Exercise directions:
Each entry that follows is to be copied exactly, minus any pictures.

Given data:
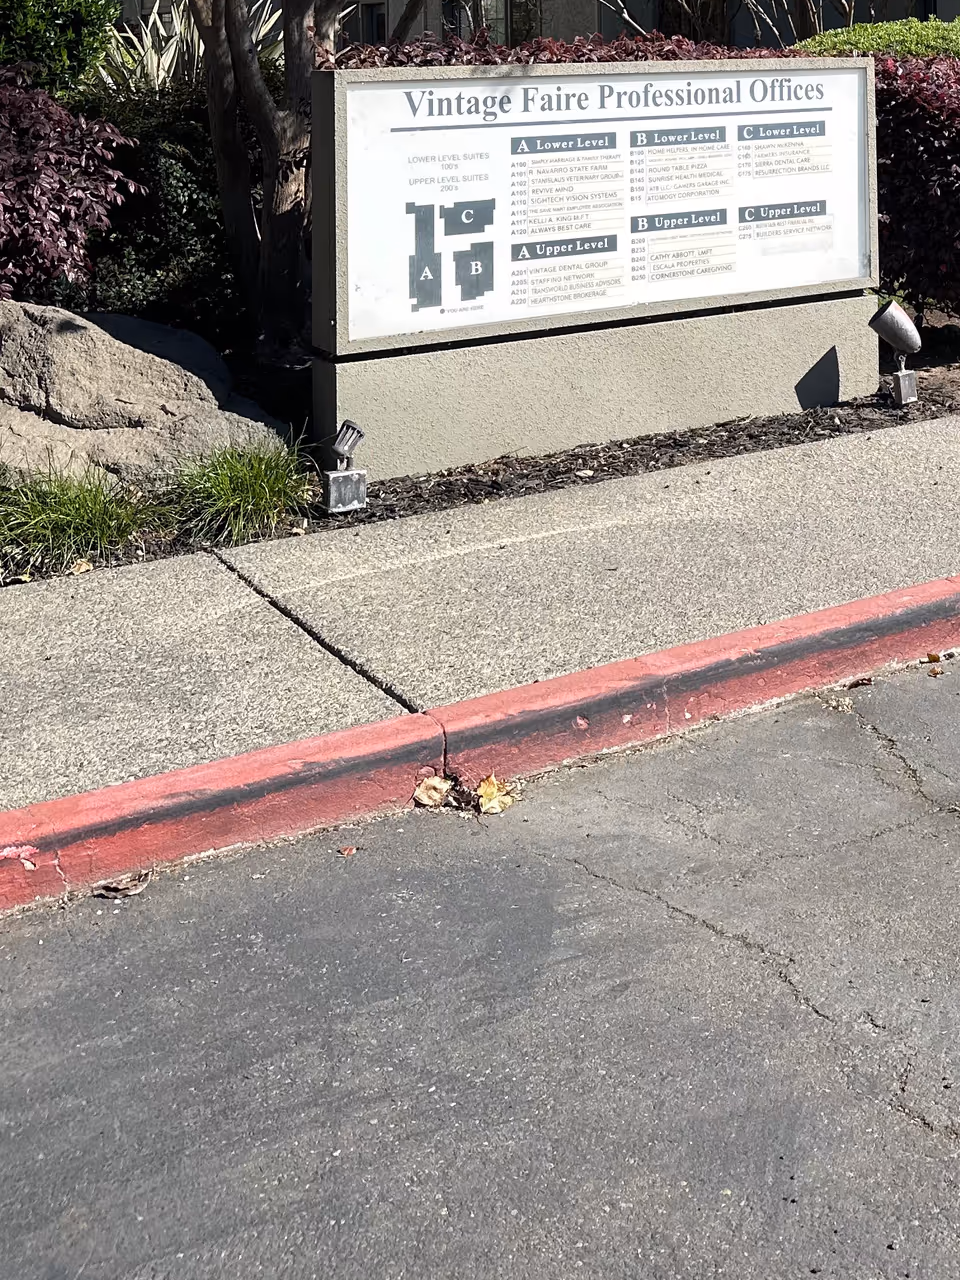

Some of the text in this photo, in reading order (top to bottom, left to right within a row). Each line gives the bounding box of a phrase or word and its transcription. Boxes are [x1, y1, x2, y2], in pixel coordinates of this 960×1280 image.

[404, 78, 824, 122] Vintage Faire Professional Offices
[636, 130, 720, 145] B Lower Level
[744, 124, 819, 139] C Lower Level
[517, 136, 608, 152] A Lower Level
[408, 155, 436, 163] LOWER
[755, 167, 796, 175] RESURRECTION
[648, 174, 673, 183] SUNRISE
[531, 196, 564, 204] SIGHTECH
[678, 190, 719, 198] CORPORATION
[461, 210, 474, 223] C
[745, 203, 820, 220] C Upper Level
[638, 212, 720, 230] B Upper Level
[518, 238, 608, 258] A Upper Level
[470, 261, 482, 275] B
[677, 259, 709, 267] PROPERTIES
[420, 266, 433, 280] A
[651, 270, 694, 280] CORNERSTONE
[696, 265, 732, 274] CAREGIVING
[531, 295, 572, 304] HEARTHSTONE
[573, 290, 606, 298] BROKERAGE
[532, 285, 568, 295] TRANSWORLD
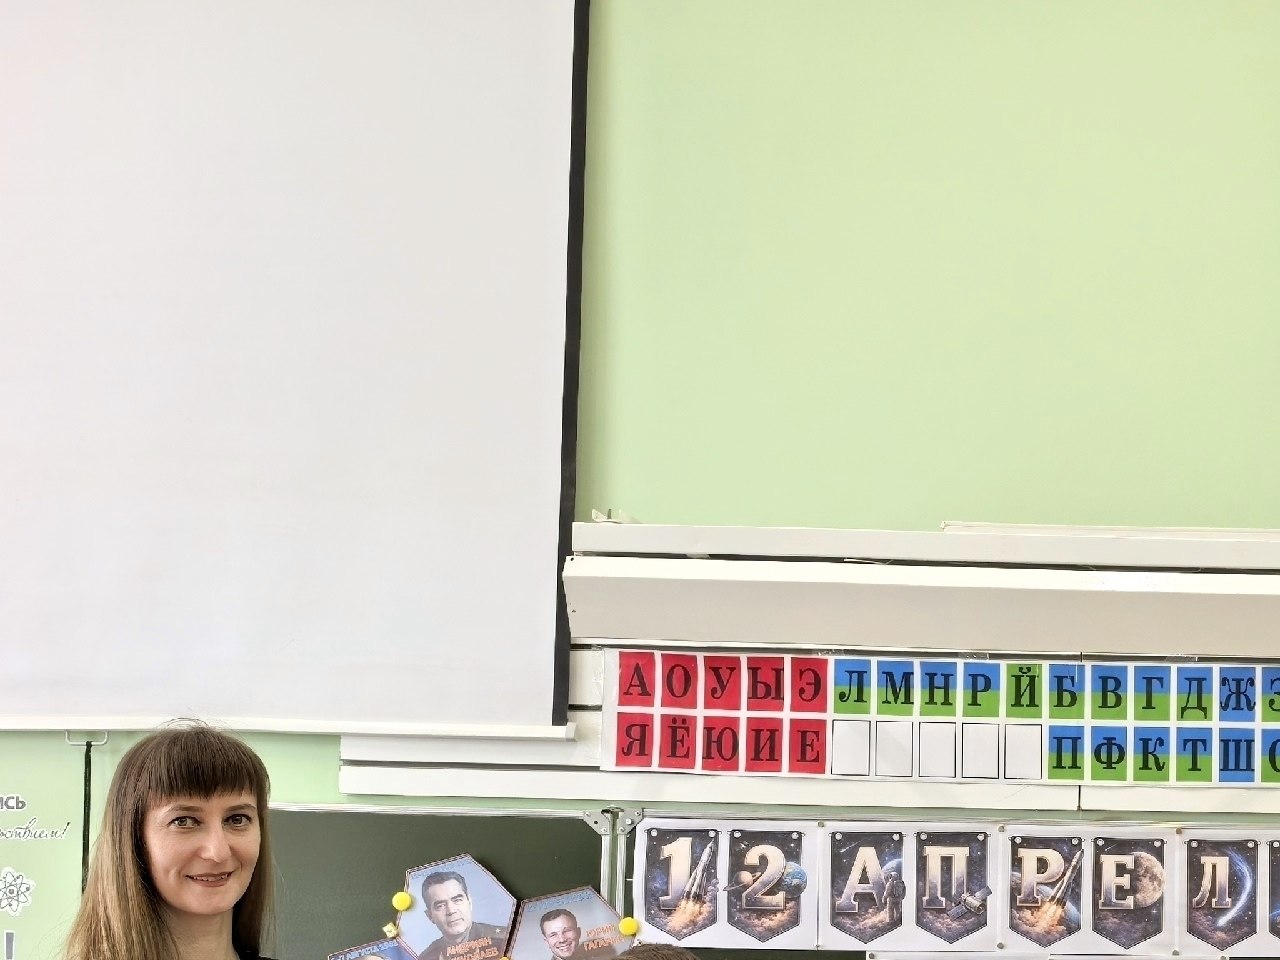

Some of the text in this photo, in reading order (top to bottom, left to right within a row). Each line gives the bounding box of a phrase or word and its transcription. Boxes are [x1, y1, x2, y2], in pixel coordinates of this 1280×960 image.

[623, 663, 651, 696] А
[666, 663, 693, 697] О
[710, 666, 736, 698] У
[749, 667, 785, 700] Ы
[799, 668, 822, 701] Э
[839, 670, 869, 703] Л
[882, 671, 914, 705] М
[927, 672, 954, 705] Н
[968, 673, 993, 706] Р
[1011, 667, 1039, 708] Й
[1053, 675, 1079, 708] Б
[1098, 676, 1123, 709] В
[1141, 677, 1164, 710] Г
[1181, 678, 1208, 719] Д
[1220, 677, 1256, 712] Ж
[622, 724, 650, 757] Я
[666, 718, 690, 759] Ё
[702, 727, 738, 760] Ю
[751, 729, 779, 761] И
[796, 730, 820, 763] Е
[1053, 737, 1082, 769] П
[1093, 737, 1126, 770] Ф
[1139, 738, 1165, 771] К
[1184, 739, 1208, 771] Т
[1220, 739, 1255, 771] Ш
[659, 837, 788, 913] 12
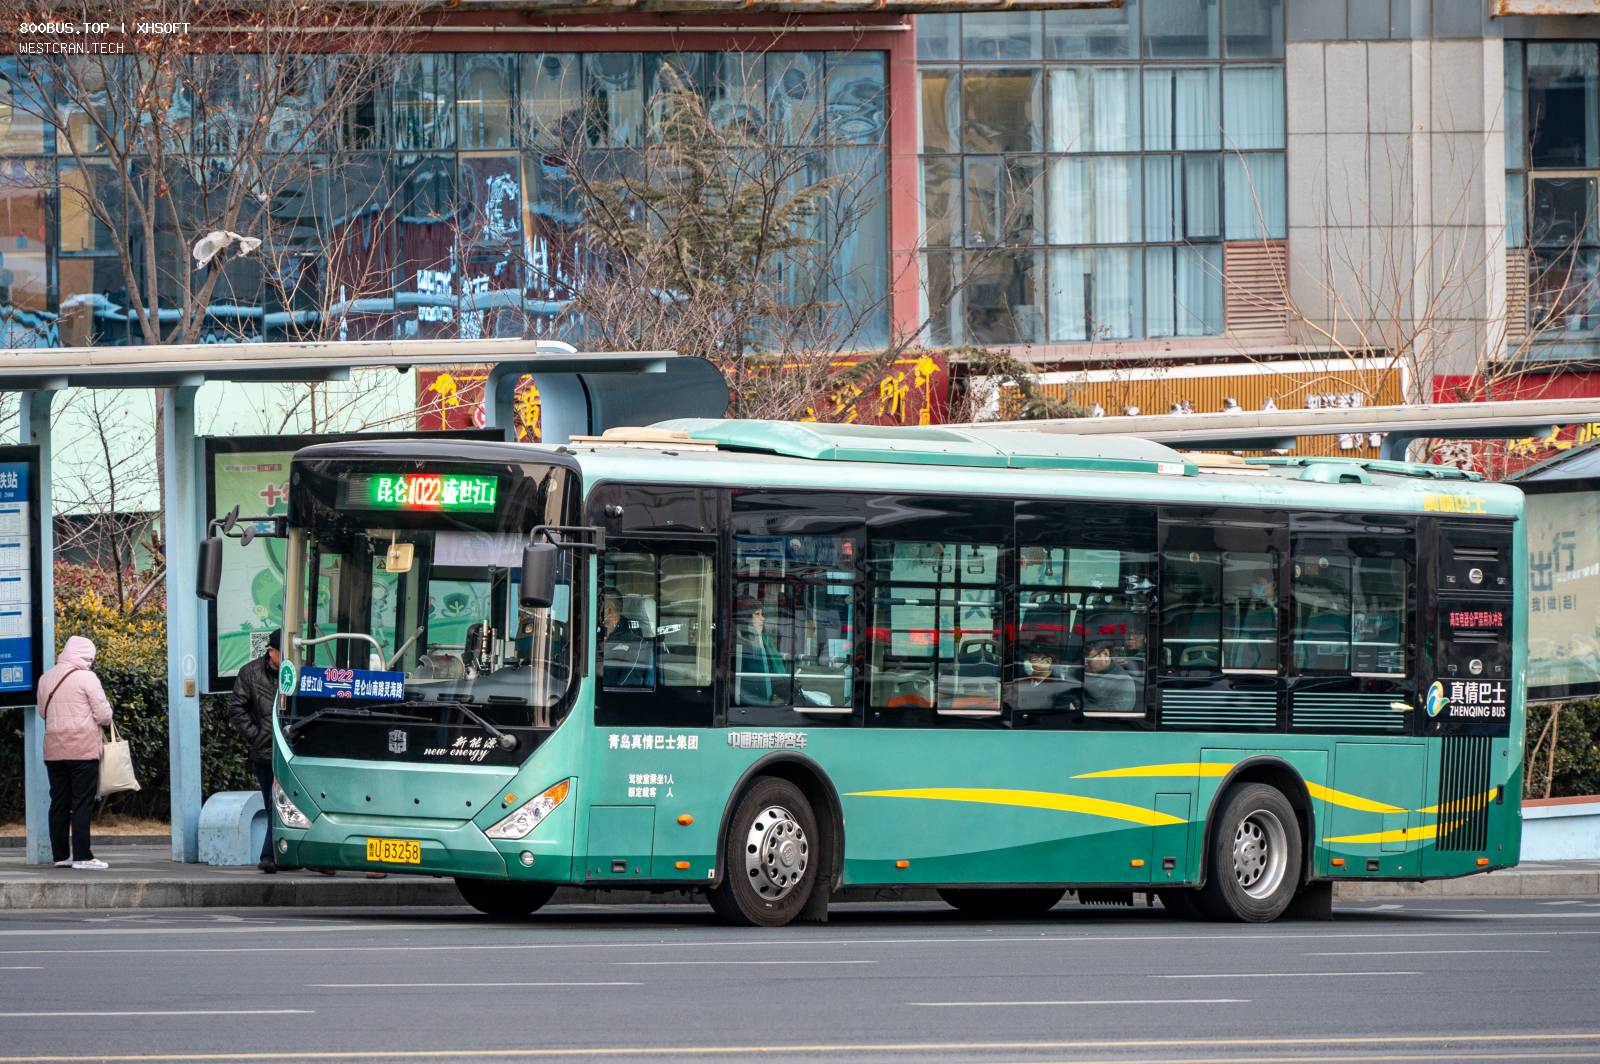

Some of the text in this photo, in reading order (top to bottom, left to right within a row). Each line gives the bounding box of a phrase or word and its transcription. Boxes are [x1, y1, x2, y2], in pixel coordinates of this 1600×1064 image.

[324, 667, 354, 683] 1022
[300, 675, 323, 693] 盛世江山
[1450, 681, 1506, 704] 真情巴士
[1449, 705, 1506, 717] ZHENQING BUS
[452, 735, 499, 749] 新能源
[608, 734, 699, 750] 青岛真情巴士集团
[423, 747, 490, 762] new energy
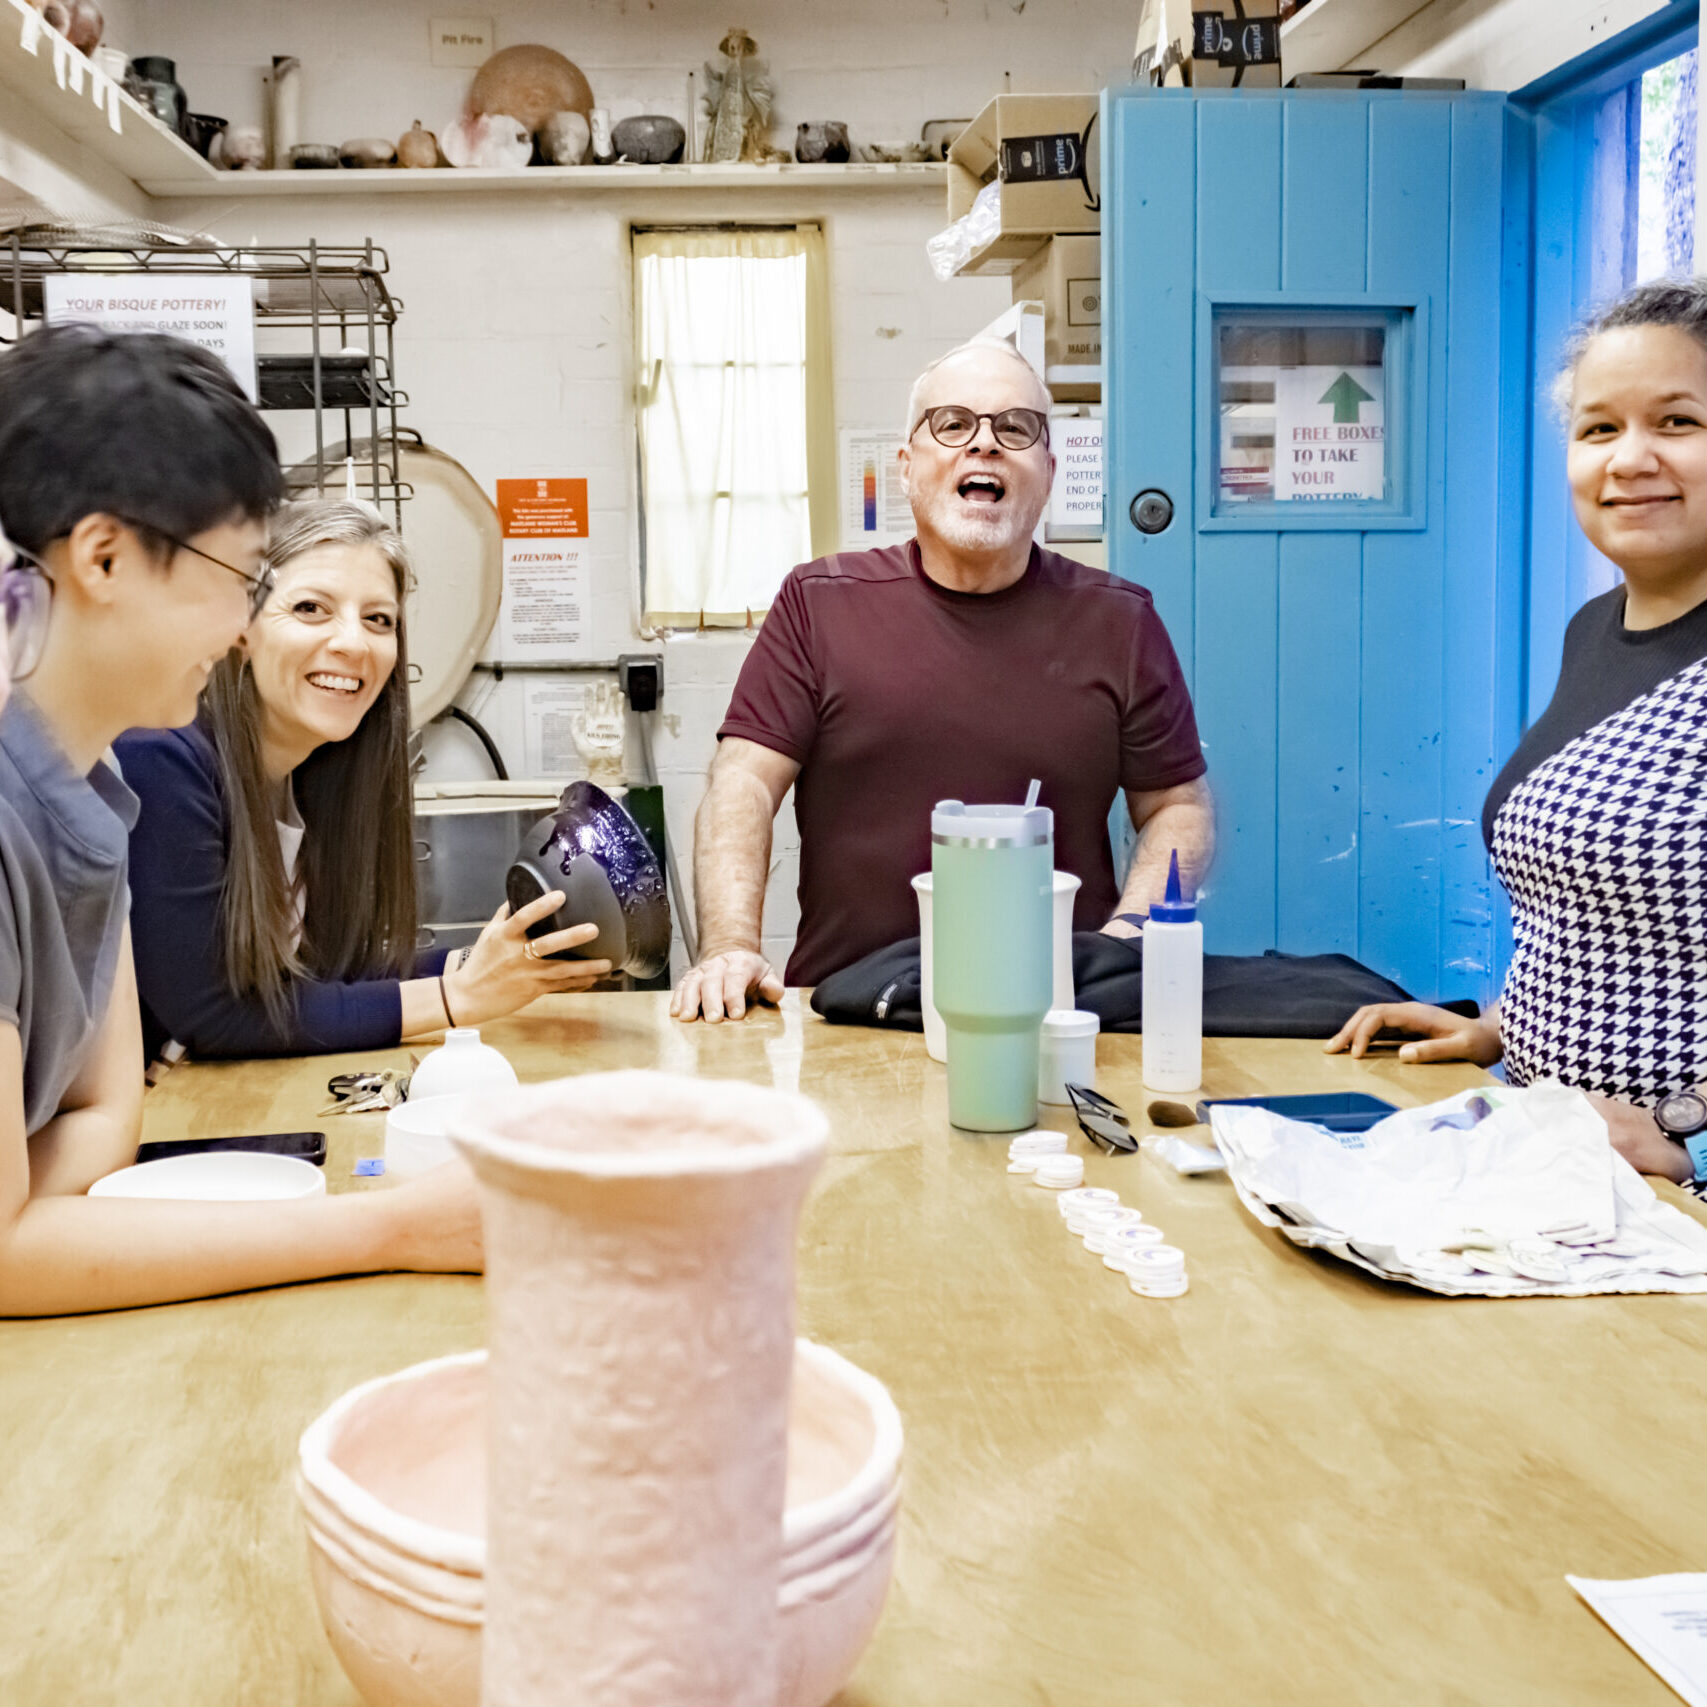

Result for this exercise:
Some of the text in this photo, in reading order (top to bottom, left to right within a row). Each line gives the bounding box of a phrase or word and its transcription. Boxes are [x1, y1, x2, y2], in pixel coordinates of this 960×1280 image.

[404, 78, 824, 122] Vintage Faire Professional Offices
[636, 130, 720, 145] B Lower Level
[744, 124, 819, 139] C Lower Level
[517, 136, 608, 152] A Lower Level
[408, 155, 436, 163] LOWER
[755, 167, 796, 175] RESURRECTION
[648, 174, 673, 183] SUNRISE
[531, 196, 564, 204] SIGHTECH
[678, 190, 719, 198] CORPORATION
[461, 210, 474, 223] C
[745, 203, 820, 220] C Upper Level
[638, 212, 720, 230] B Upper Level
[518, 238, 608, 258] A Upper Level
[470, 261, 482, 275] B
[677, 259, 709, 267] PROPERTIES
[420, 266, 433, 280] A
[651, 270, 694, 280] CORNERSTONE
[696, 265, 732, 274] CAREGIVING
[531, 295, 572, 304] HEARTHSTONE
[573, 290, 606, 298] BROKERAGE
[532, 285, 568, 295] TRANSWORLD

Some of the text in this photo, in reading order (top to bottom, left to right within a row). Each line gives the bounding box of a phrase or word and its transcription. Boxes are [x1, y1, x2, y2], in pixel coordinates of this 1280×960 image.

[623, 663, 651, 696] А
[666, 663, 693, 697] О
[710, 666, 736, 698] У
[749, 667, 785, 700] Ы
[799, 668, 822, 701] Э
[839, 670, 869, 703] Л
[882, 671, 914, 705] М
[927, 672, 954, 705] Н
[968, 673, 993, 706] Р
[1011, 667, 1039, 708] Й
[1053, 675, 1079, 708] Б
[1098, 676, 1123, 709] В
[1141, 677, 1164, 710] Г
[1181, 678, 1208, 719] Д
[1220, 677, 1256, 712] Ж
[622, 724, 650, 757] Я
[666, 718, 690, 759] Ё
[702, 727, 738, 760] Ю
[751, 729, 779, 761] И
[796, 730, 820, 763] Е
[1053, 737, 1082, 769] П
[1093, 737, 1126, 770] Ф
[1139, 738, 1165, 771] К
[1184, 739, 1208, 771] Т
[1220, 739, 1255, 771] Ш
[659, 837, 788, 913] 12

Some of the text in this photo, in reading order (top to bottom, left to right within a row). Each line gives the bounding box of a phrase or word and its transcription. Boxes are [x1, y1, x2, y2], in pixel coordinates of this 1600×1064 image.

[324, 667, 354, 683] 1022
[300, 675, 323, 693] 盛世江山
[1450, 681, 1506, 704] 真情巴士
[1449, 705, 1506, 717] ZHENQING BUS
[452, 735, 499, 749] 新能源
[608, 734, 699, 750] 青岛真情巴士集团
[423, 747, 490, 762] new energy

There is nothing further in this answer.